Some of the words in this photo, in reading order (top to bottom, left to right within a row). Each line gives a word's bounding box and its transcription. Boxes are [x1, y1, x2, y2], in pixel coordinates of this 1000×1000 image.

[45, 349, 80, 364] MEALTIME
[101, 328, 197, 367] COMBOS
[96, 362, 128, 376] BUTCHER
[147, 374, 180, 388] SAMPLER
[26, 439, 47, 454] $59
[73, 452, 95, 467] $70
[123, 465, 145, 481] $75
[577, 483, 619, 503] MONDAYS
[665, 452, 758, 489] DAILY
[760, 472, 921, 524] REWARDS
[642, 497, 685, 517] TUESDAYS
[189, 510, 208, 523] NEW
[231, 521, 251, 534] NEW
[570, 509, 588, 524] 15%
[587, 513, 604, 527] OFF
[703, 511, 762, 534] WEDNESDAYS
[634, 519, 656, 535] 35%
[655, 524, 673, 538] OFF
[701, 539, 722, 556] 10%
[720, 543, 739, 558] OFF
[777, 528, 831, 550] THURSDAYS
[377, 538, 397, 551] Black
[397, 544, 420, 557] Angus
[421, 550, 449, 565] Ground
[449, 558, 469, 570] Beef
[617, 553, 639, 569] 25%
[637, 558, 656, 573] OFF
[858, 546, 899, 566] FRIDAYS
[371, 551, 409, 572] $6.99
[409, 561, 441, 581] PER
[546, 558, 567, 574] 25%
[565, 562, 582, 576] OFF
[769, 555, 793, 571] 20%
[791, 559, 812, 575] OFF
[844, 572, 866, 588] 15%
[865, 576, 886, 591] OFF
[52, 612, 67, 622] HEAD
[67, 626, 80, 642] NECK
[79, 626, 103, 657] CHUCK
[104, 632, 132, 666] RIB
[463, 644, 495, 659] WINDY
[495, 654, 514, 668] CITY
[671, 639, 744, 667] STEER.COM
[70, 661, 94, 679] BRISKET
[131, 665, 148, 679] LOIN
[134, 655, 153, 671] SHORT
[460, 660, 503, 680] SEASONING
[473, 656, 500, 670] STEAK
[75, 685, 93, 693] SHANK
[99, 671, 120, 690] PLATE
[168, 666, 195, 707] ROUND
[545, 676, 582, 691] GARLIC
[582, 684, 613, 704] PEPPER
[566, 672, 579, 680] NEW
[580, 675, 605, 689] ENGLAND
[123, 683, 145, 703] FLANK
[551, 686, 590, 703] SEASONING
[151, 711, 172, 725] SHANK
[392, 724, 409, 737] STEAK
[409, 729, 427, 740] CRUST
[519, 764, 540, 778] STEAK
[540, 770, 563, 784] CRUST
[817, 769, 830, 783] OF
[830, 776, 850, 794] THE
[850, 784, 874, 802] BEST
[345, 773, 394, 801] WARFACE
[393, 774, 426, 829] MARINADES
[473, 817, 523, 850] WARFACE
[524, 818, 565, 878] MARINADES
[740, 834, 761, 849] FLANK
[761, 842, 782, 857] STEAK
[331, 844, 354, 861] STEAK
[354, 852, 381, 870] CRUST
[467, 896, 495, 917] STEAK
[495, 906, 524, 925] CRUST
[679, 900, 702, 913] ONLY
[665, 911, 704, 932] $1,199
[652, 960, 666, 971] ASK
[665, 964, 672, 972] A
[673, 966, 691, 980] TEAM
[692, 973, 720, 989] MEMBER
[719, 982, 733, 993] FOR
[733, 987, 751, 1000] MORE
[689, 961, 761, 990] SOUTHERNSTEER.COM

══════

*Work task:*
Above are the entries; copy every line among them that contains the word "STEAK".

*Output below:*
[473, 656, 500, 670] STEAK
[392, 724, 409, 737] STEAK
[519, 764, 540, 778] STEAK
[761, 842, 782, 857] STEAK
[331, 844, 354, 861] STEAK
[467, 896, 495, 917] STEAK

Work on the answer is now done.